• **EXERCISE**: Once the line containing "Some of the text" is found, set down that line and each one after it exactly, through the end of the entries.

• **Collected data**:
──────────────────────────────
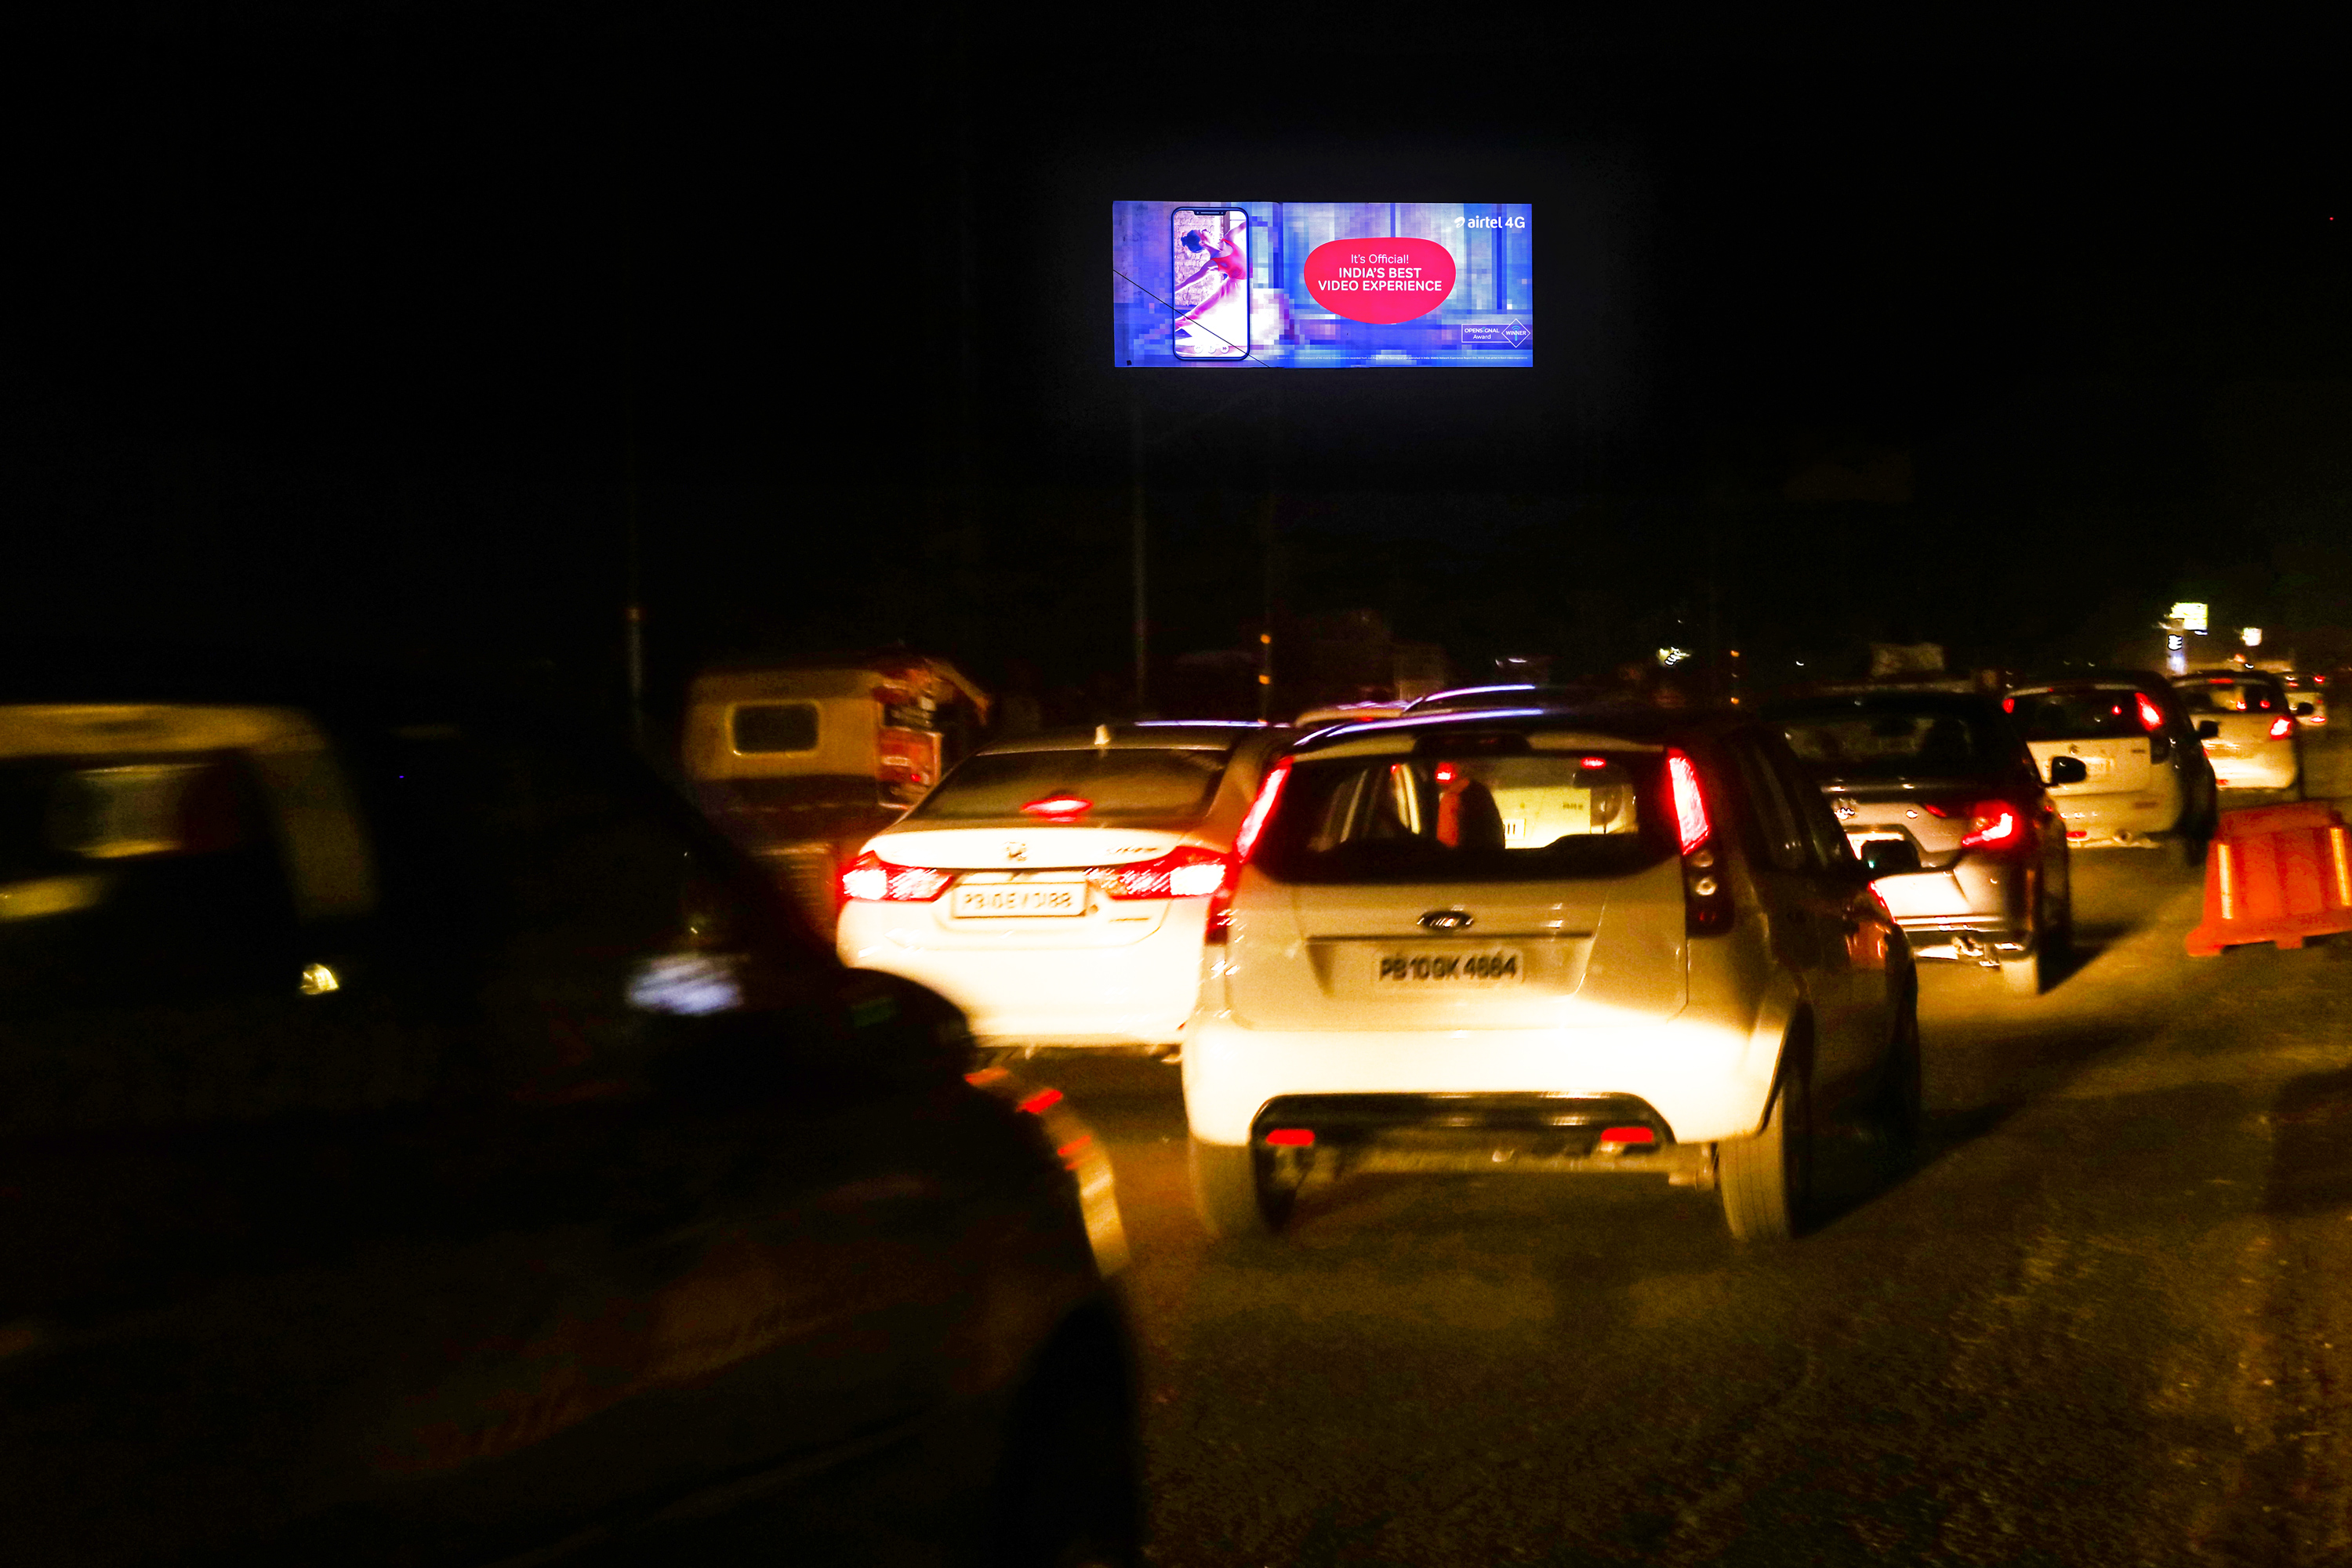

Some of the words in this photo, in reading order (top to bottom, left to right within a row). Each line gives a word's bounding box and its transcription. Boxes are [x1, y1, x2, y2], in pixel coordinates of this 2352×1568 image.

[1468, 215, 1502, 228] airtel
[1504, 216, 1525, 228] 4G
[1351, 254, 1366, 263] It's
[1369, 253, 1409, 263] Official!
[1339, 267, 1385, 278] INDIA'S
[1388, 267, 1421, 278] BEST
[1318, 280, 1359, 291] VIDEO
[1363, 280, 1442, 291] EXPERIENCE
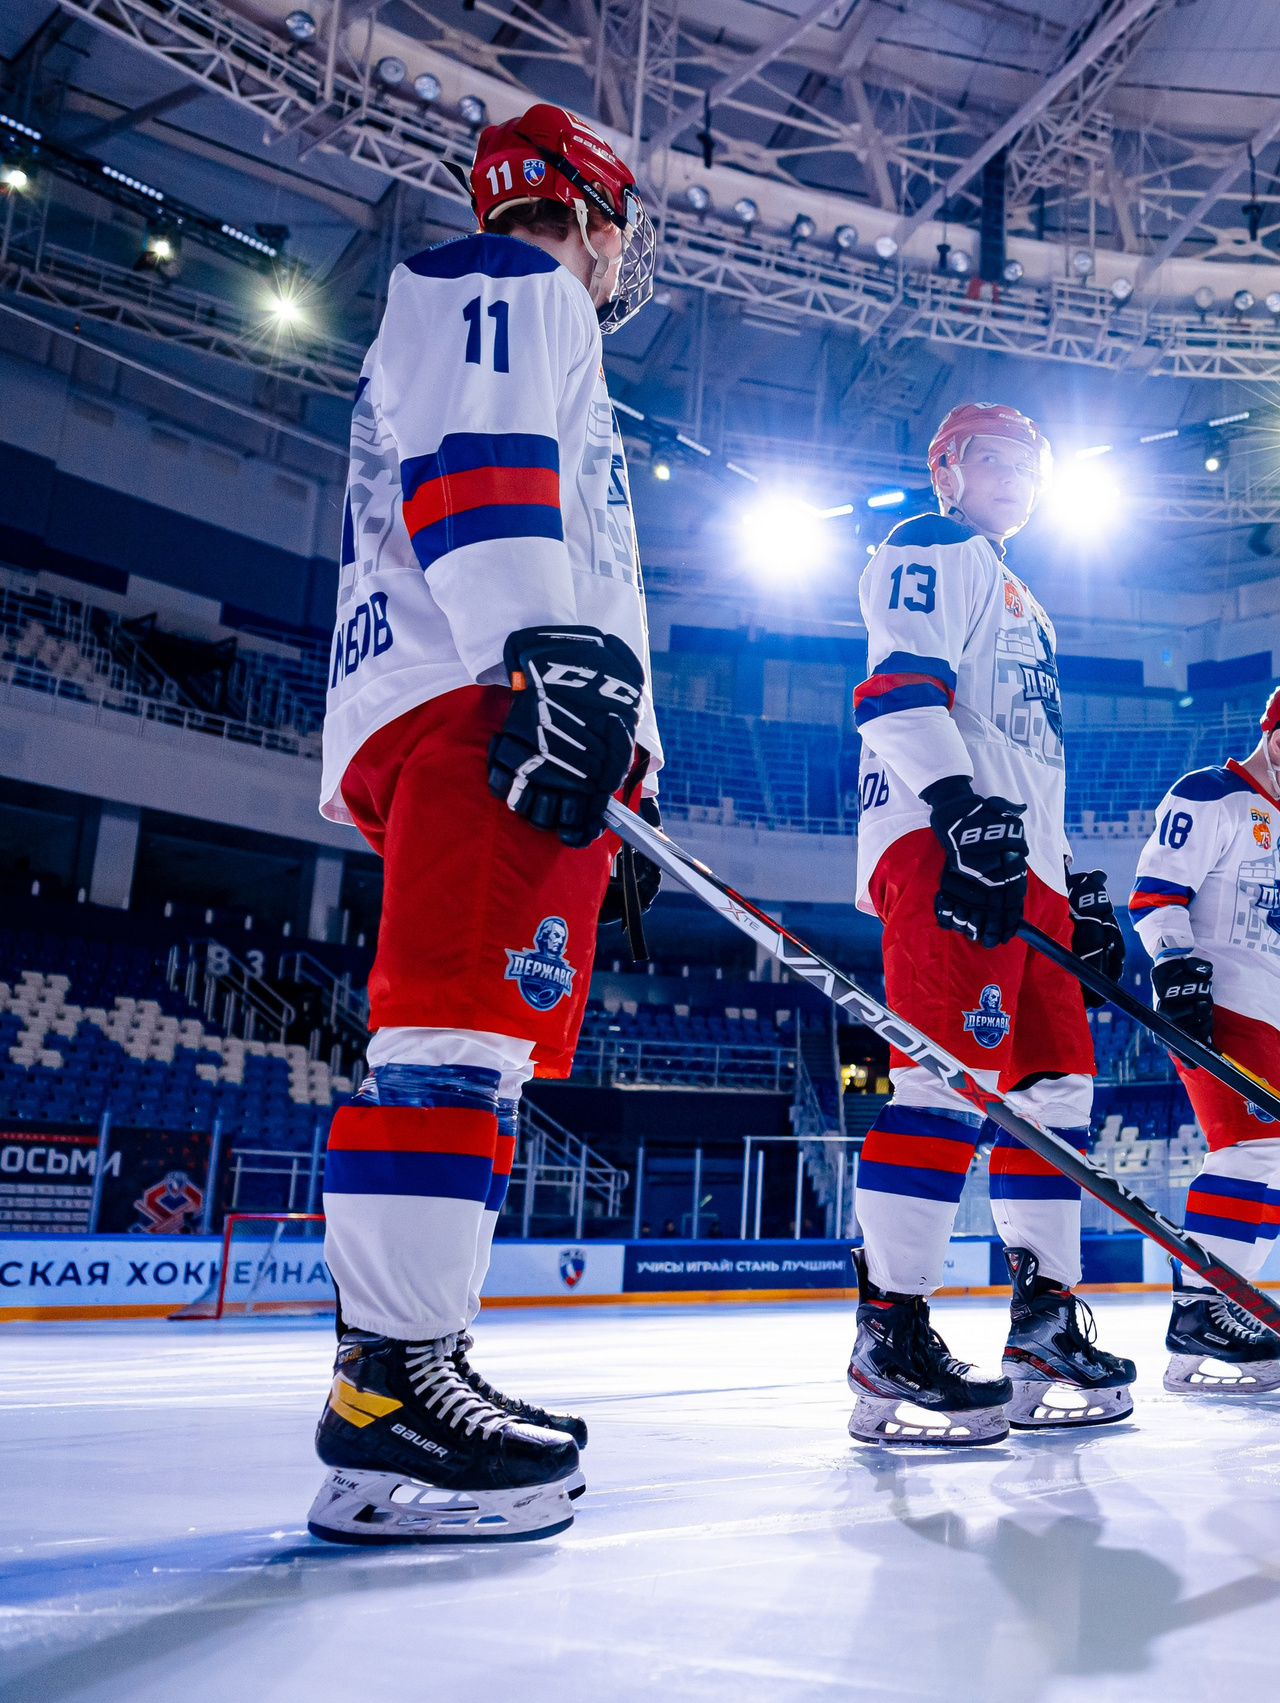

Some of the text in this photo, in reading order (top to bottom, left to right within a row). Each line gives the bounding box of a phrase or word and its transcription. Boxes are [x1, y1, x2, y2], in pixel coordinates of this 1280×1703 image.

[486, 161, 513, 196] 11
[462, 296, 510, 374] 11
[889, 562, 937, 614] 13
[1159, 809, 1194, 850] 18
[776, 932, 960, 1088] VAPOR
[0, 1261, 109, 1287] СКАЯ
[736, 1260, 780, 1272] СТАНЬ
[391, 1423, 449, 1458] BAUER
──────────────────────────────
• **WORKED SOLUTION**:
Some of the text in this photo, in reading order (top to bottom, left to right within a row). Each line gives the bounding box of a phrase or word and its transcription. Boxes are [x1, y1, x2, y2], in pixel coordinates of this 1280×1703 image.

[486, 161, 513, 196] 11
[462, 296, 510, 374] 11
[889, 562, 937, 614] 13
[1159, 809, 1194, 850] 18
[776, 932, 960, 1088] VAPOR
[0, 1261, 109, 1287] СКАЯ
[736, 1260, 780, 1272] СТАНЬ
[391, 1423, 449, 1458] BAUER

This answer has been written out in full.